QRadar’s correlation engine is equally well developed. Forget doing analysis with a stack of printed logs and a sharpened pencil. This tool identifies known attacks quickly and has few false positives with the regular network traffic. There is also an ad hoc capability in the interface. I can specify specific content to look for, like somebody’s name, or a regular expression to match, like a credit card number. Then I can tell QRadar to look for events and packets that match, and pull back a report. QRadar can also return a packet capture that I can view in tools like Wireshark. This is handy for forensics after the attack has been detected and contained.
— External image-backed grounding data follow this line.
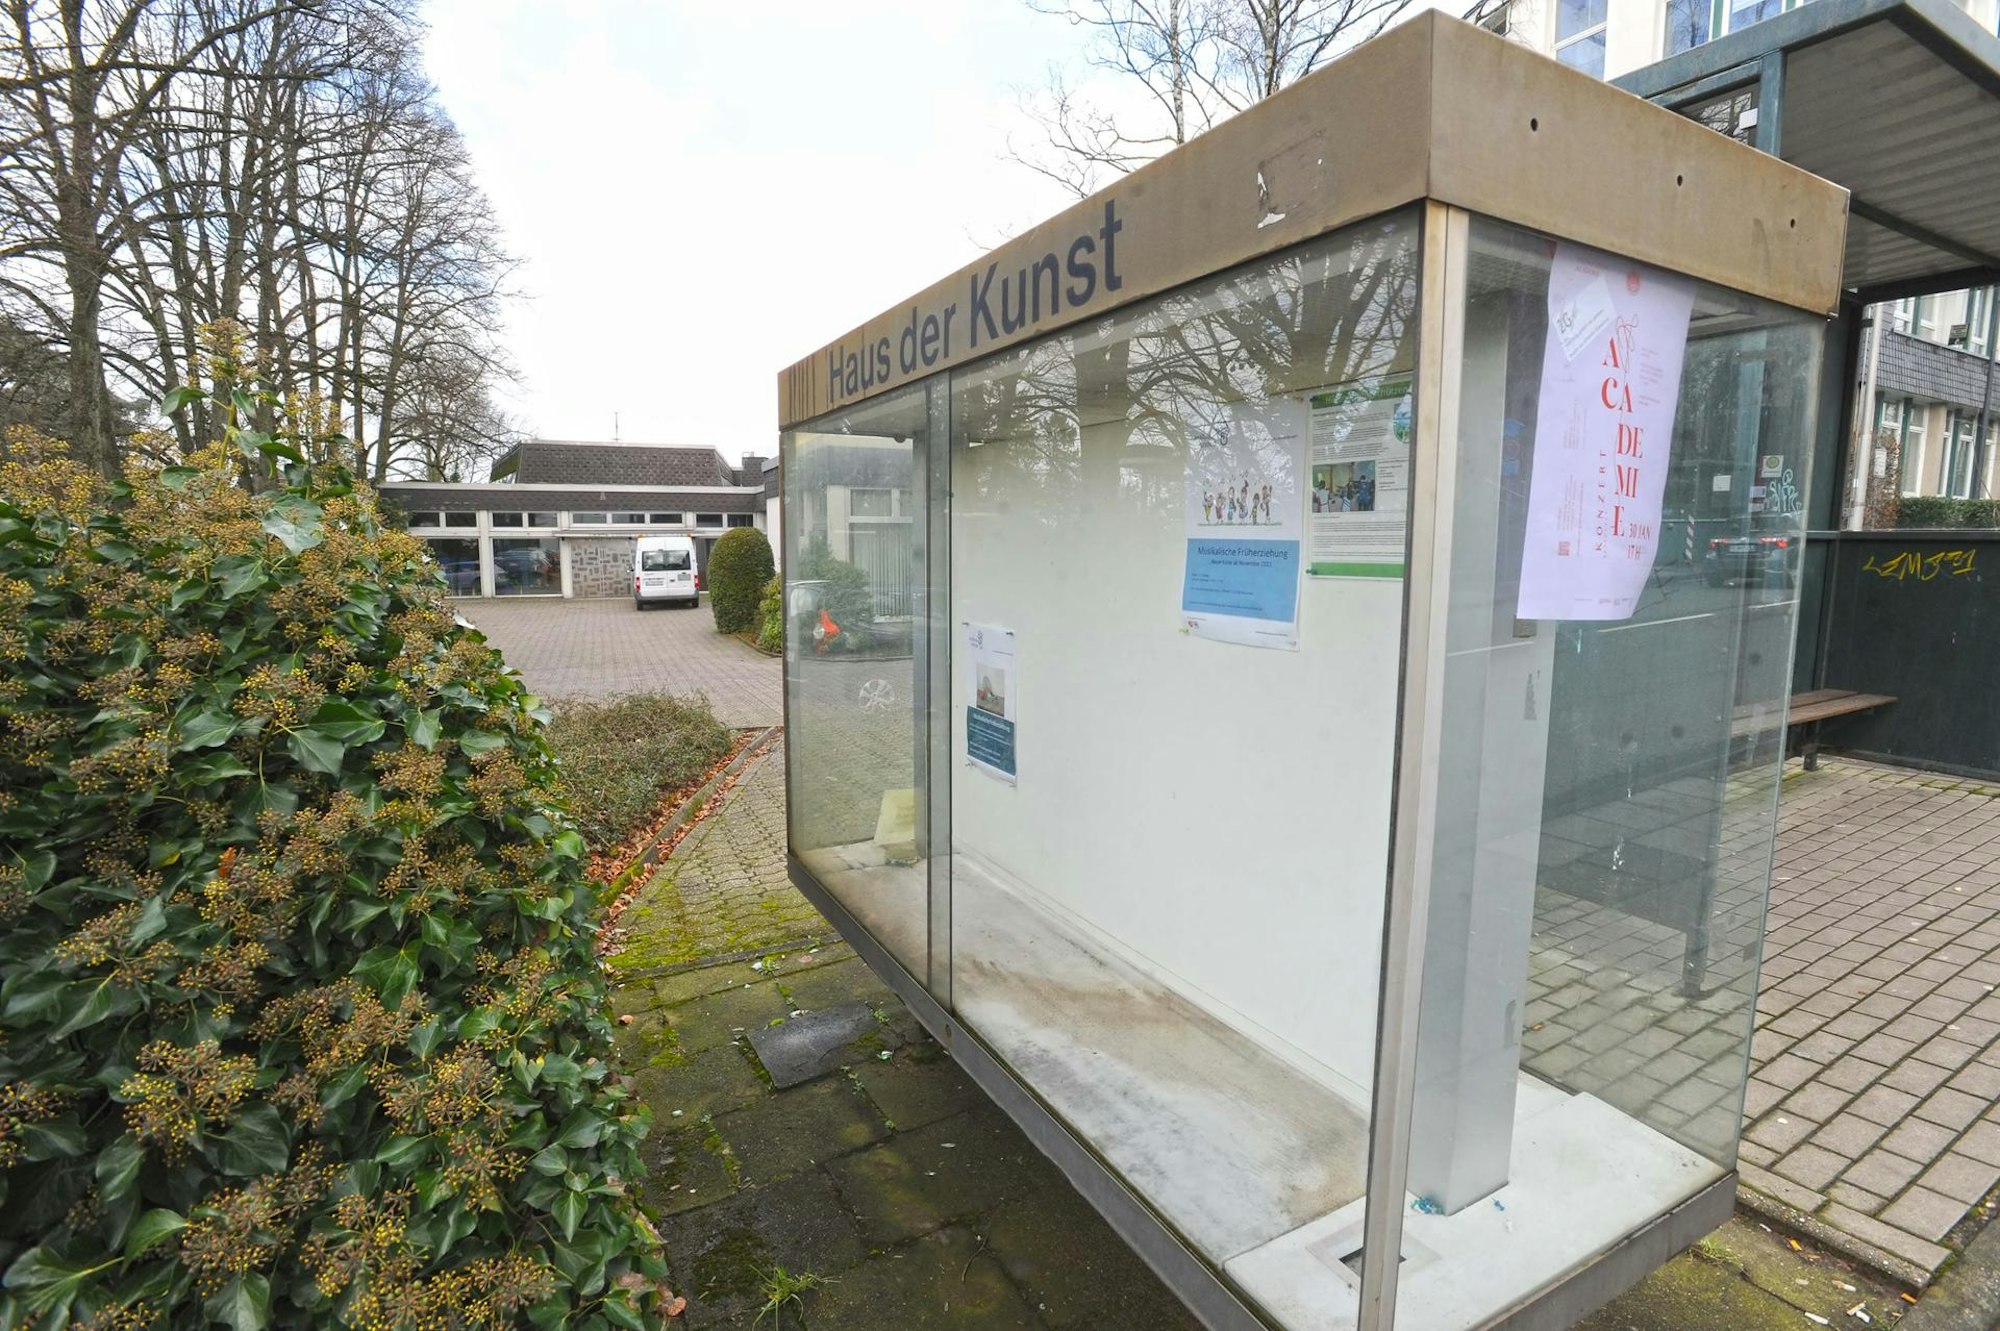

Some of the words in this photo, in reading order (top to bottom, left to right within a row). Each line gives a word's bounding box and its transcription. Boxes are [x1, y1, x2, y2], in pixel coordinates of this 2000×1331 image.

[828, 335, 890, 403] Haus
[899, 307, 956, 374] der
[970, 199, 1122, 348] Kunst
[1601, 376, 1633, 412] CA
[1617, 423, 1644, 459] DE
[1595, 450, 1607, 551] KONZERT
[1198, 545, 1236, 556] Musikalische
[1238, 547, 1289, 560] Früherziehung
Of course, sometimes it is quicker to use the built-in reports. There are dozens to choose from. Each report can be ran on demand or scheduled. The output can be sent to the dashboard, saved as a file, or emailed out. This is very flexible and another time saver. Imagine, for example, running a report on failed logons every morning. This report then appears in your inbox. It can also be sent to a ticket tracking system for auditing purposes. It is very straight forward.

QRadar still has some rough spots. The product has a chimera feel produced from integrating log management and network management. The UI is inconsistent: some objects require clicks, some double-clicks, and others right-clicks. Which click is it? You often have to try all three to get the right result. The flexibility in reporting also leads to some odd results, as it is very easy to set up circular loops as you click thru reports for details. Yet these are minor details that will surely work themselves out as it evolves.

With TJX and co in the news, most security vendors that come calling this month will speak of how their solutions could have curbed the damage. The real acid test is time. How much longer will the information be protected? Alternatively, how much quicker will an attack be detected? Protection mechanisms can only provide partial security. Further, once breached, the exposure goes up dramatically with the amount of time an attacker has on your system. Detection tools are required to compensate for chinks in the armor and contain attacks. So ask the vendor the question, and check out their response.

The best response I have heard comes from Q1 Labs. If there is attack occurring on your systems, it will show up in QRadar first. Detection time drops significantly when network and host-based information is consolidated and correlated. Combining both the top-level overview, necessary for day-to-day management, with the deep-dive details, necessary for incident response and forensics, puts QRadar ahead of the pack.  QRadar is an excellent tool and its reporting and digital forensics capabilities will definitely improve an organization’s security posture.